# [Exercise details]
Your answer must be only the lines below from the one containing "this 1920×1440 image." through the one containing "this 1280×1280 image.", copied exactly, with the pictures left out.

# [Provided data]
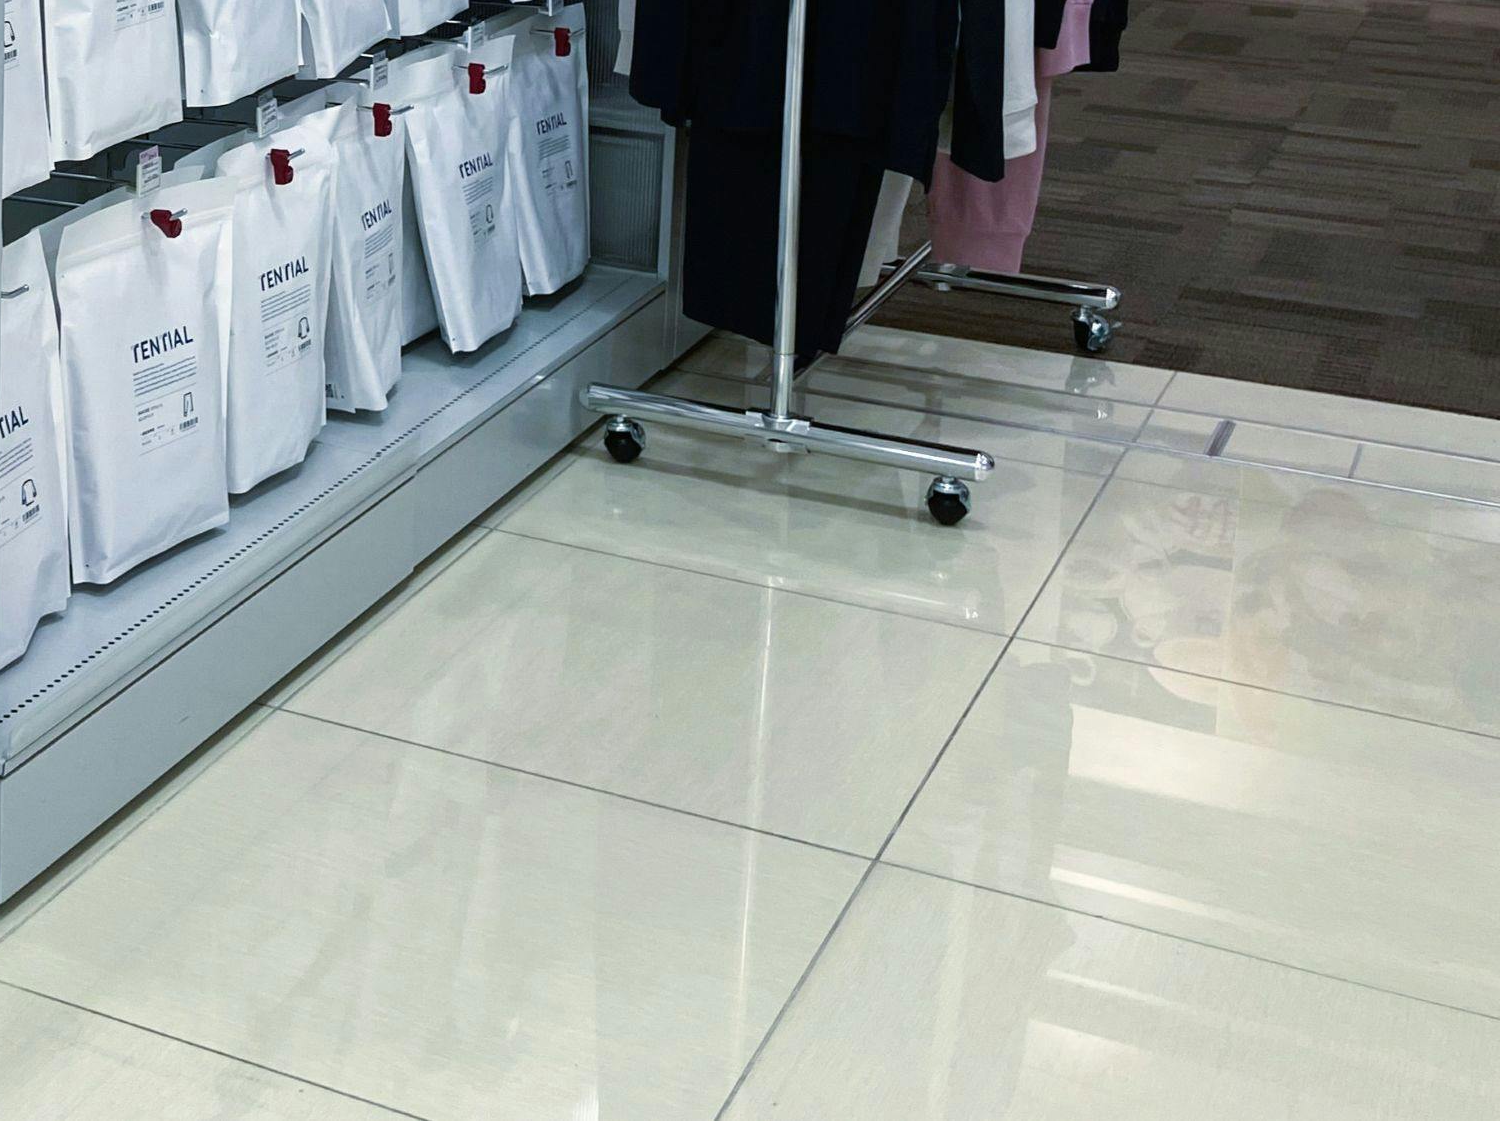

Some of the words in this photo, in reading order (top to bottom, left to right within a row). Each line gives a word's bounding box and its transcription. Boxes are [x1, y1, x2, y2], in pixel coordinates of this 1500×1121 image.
* * *
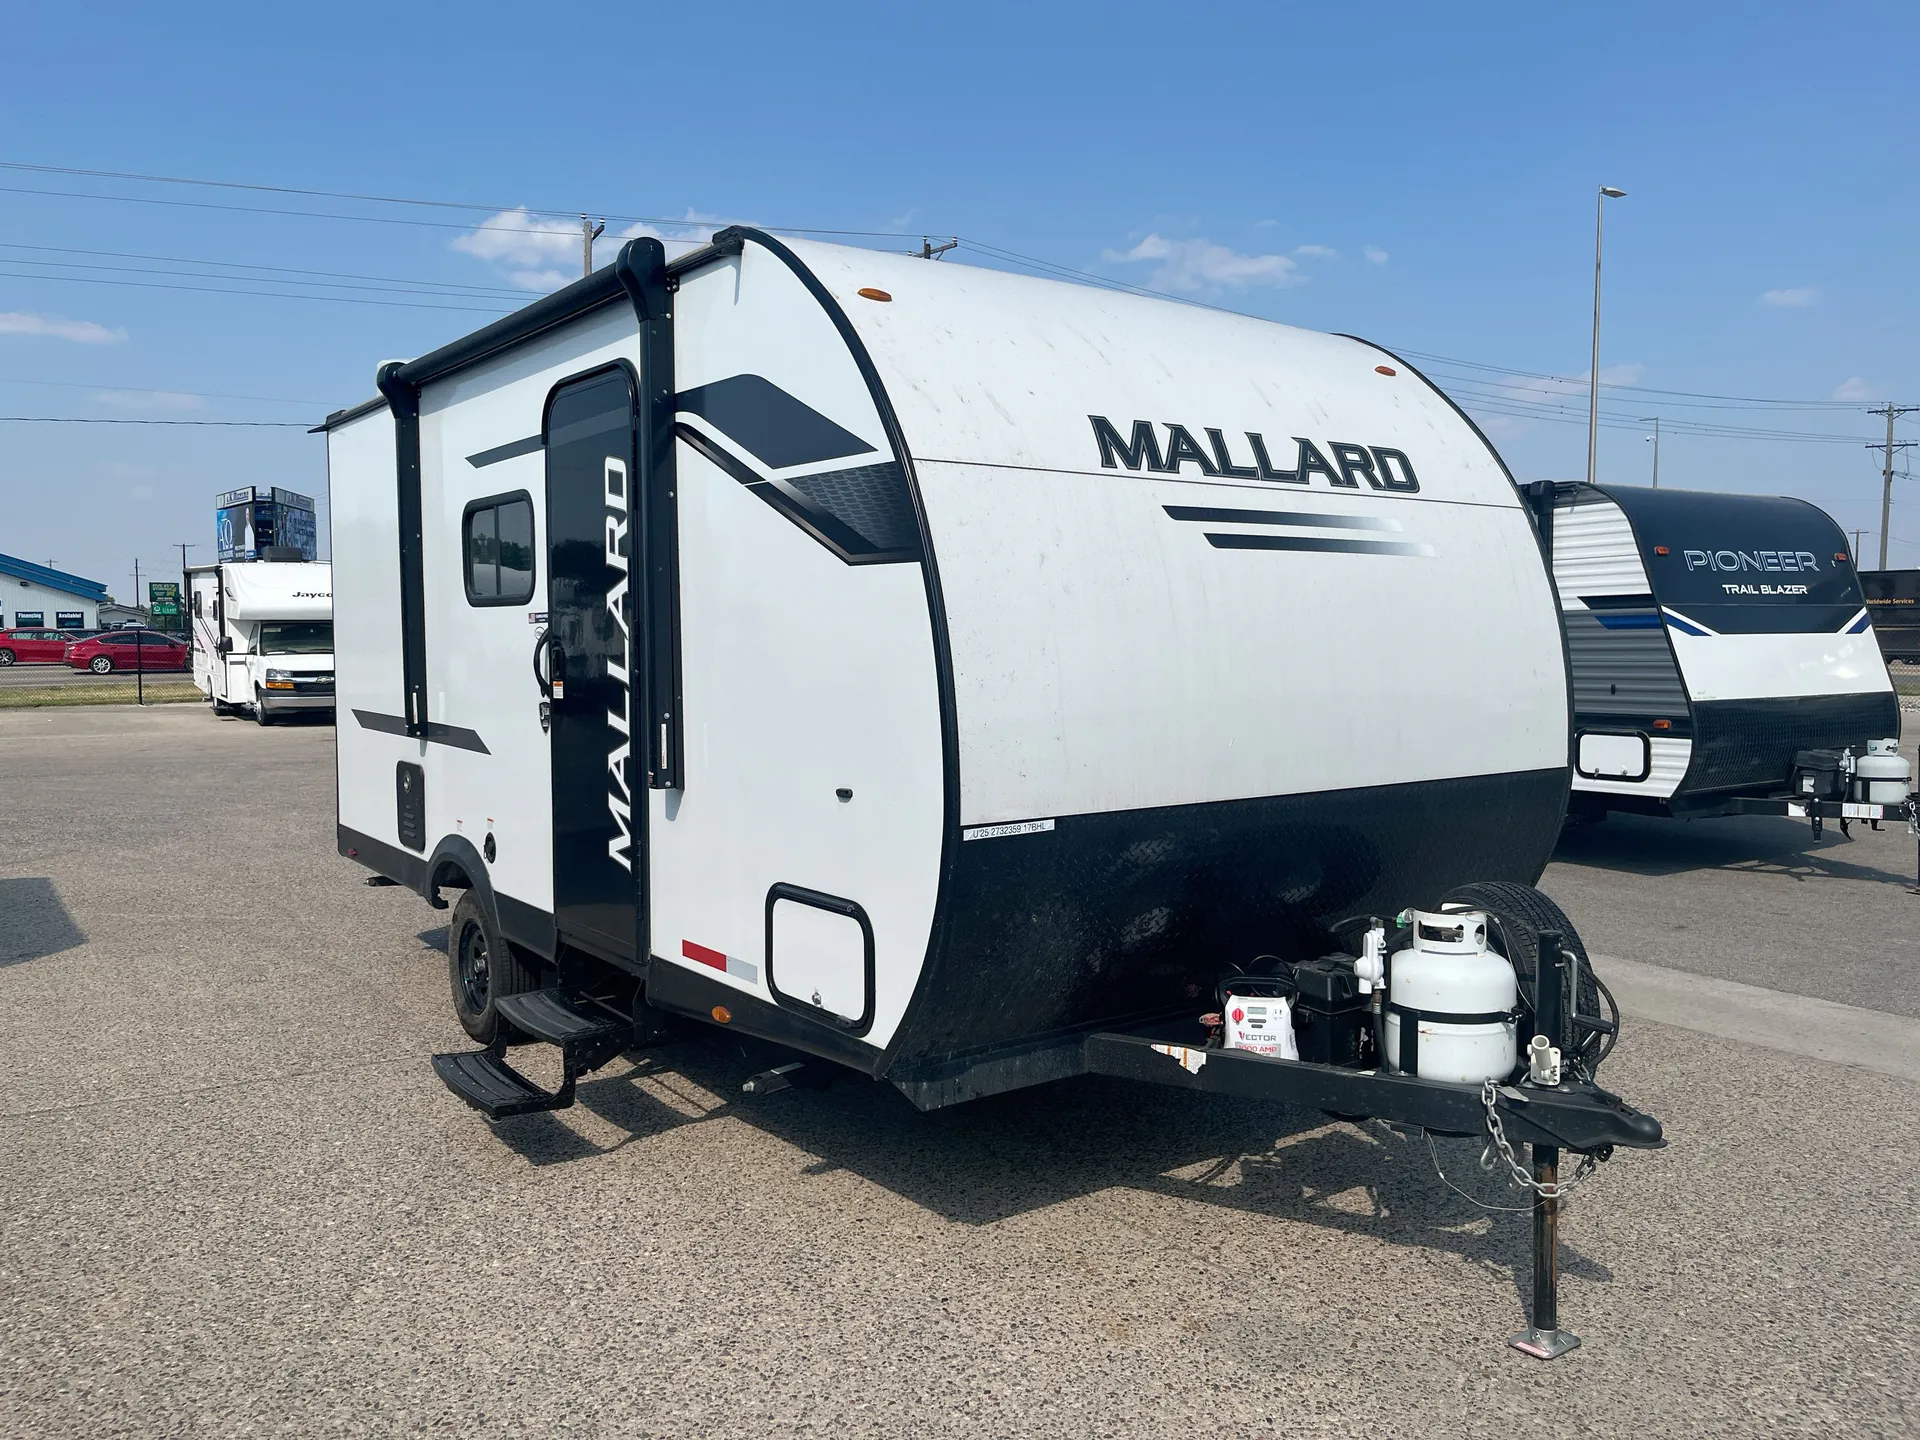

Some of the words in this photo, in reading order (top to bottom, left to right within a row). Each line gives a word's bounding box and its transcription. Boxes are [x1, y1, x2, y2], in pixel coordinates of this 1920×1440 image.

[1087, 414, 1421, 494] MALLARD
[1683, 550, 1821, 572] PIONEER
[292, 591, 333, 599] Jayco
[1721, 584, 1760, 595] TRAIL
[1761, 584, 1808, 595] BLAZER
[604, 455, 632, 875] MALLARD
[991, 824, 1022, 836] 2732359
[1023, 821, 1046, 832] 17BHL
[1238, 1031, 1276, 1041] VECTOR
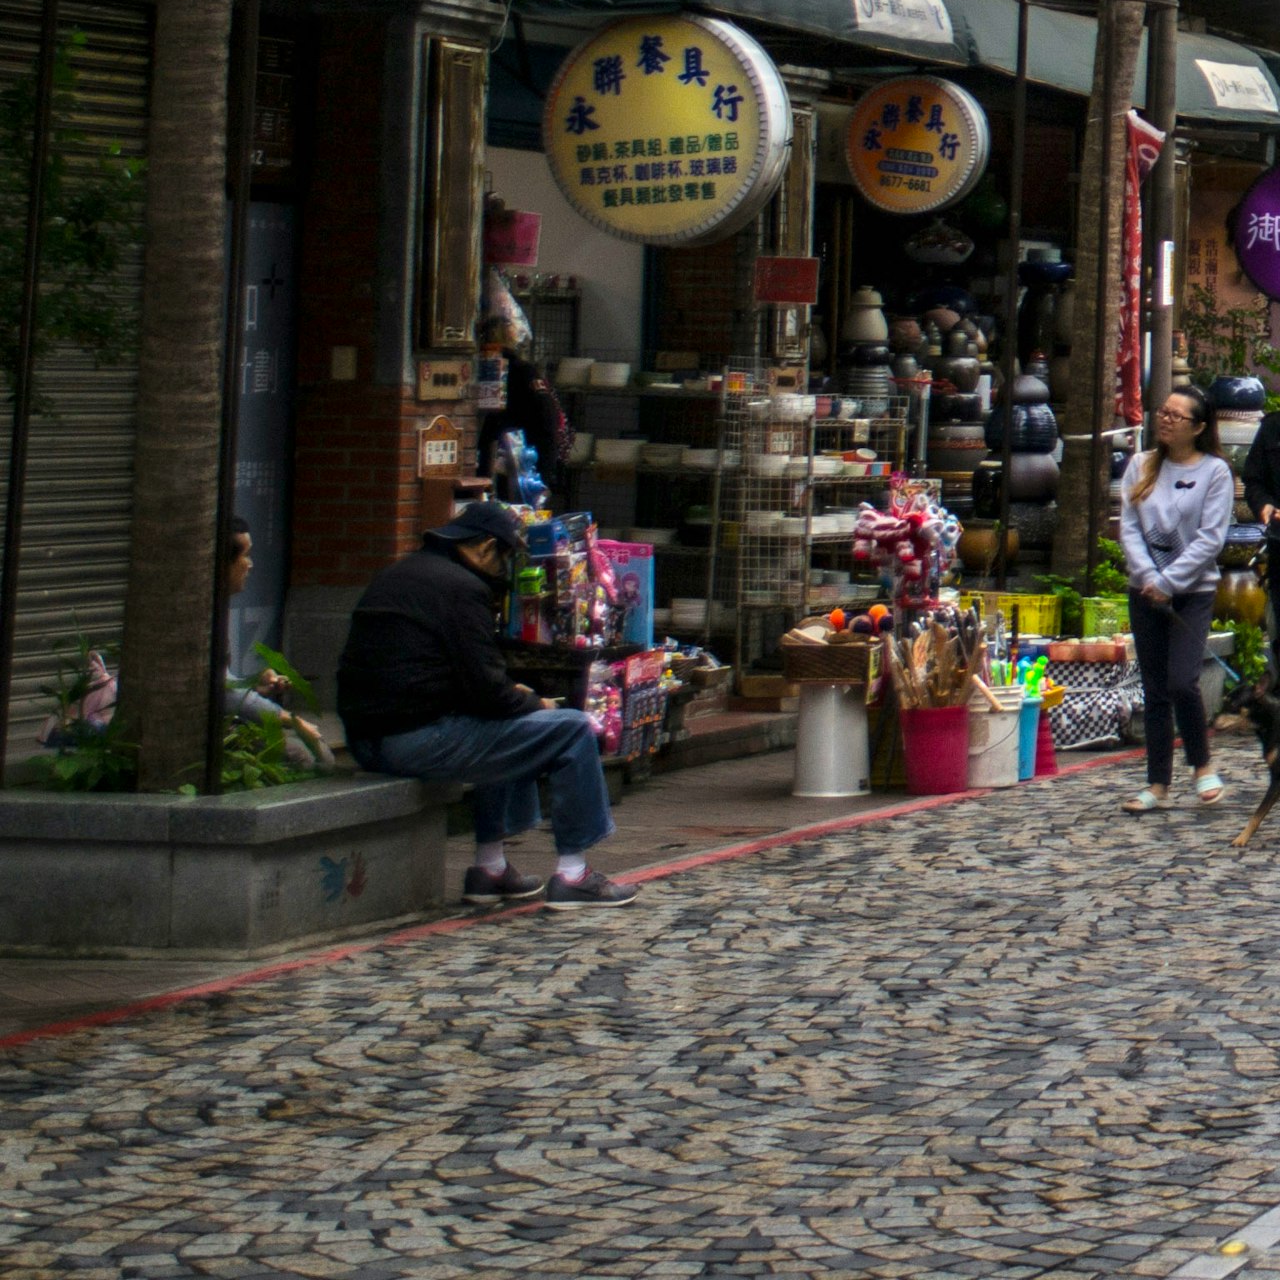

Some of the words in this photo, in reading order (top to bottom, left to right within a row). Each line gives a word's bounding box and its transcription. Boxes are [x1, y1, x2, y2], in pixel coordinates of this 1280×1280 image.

# [Solution for this task]
Some of the words in this photo, in reading order (top to bottom, left to right within a row). Each line gives a word's bounding box and its transcription. Boxes are [x1, y1, x2, y2], in pixel coordinates of this 1920×1440 image.

[1087, 414, 1421, 494] MALLARD
[1683, 550, 1821, 572] PIONEER
[292, 591, 333, 599] Jayco
[1721, 584, 1760, 595] TRAIL
[1761, 584, 1808, 595] BLAZER
[604, 455, 632, 875] MALLARD
[991, 824, 1022, 836] 2732359
[1023, 821, 1046, 832] 17BHL
[1238, 1031, 1276, 1041] VECTOR

Some of the words in this photo, in reading order (top to bottom, left to right within a row). Each line gives a word's bounding box and its transcription. Boxes are [x1, y1, x2, y2], in pixel coordinates of this 1280×1280 image.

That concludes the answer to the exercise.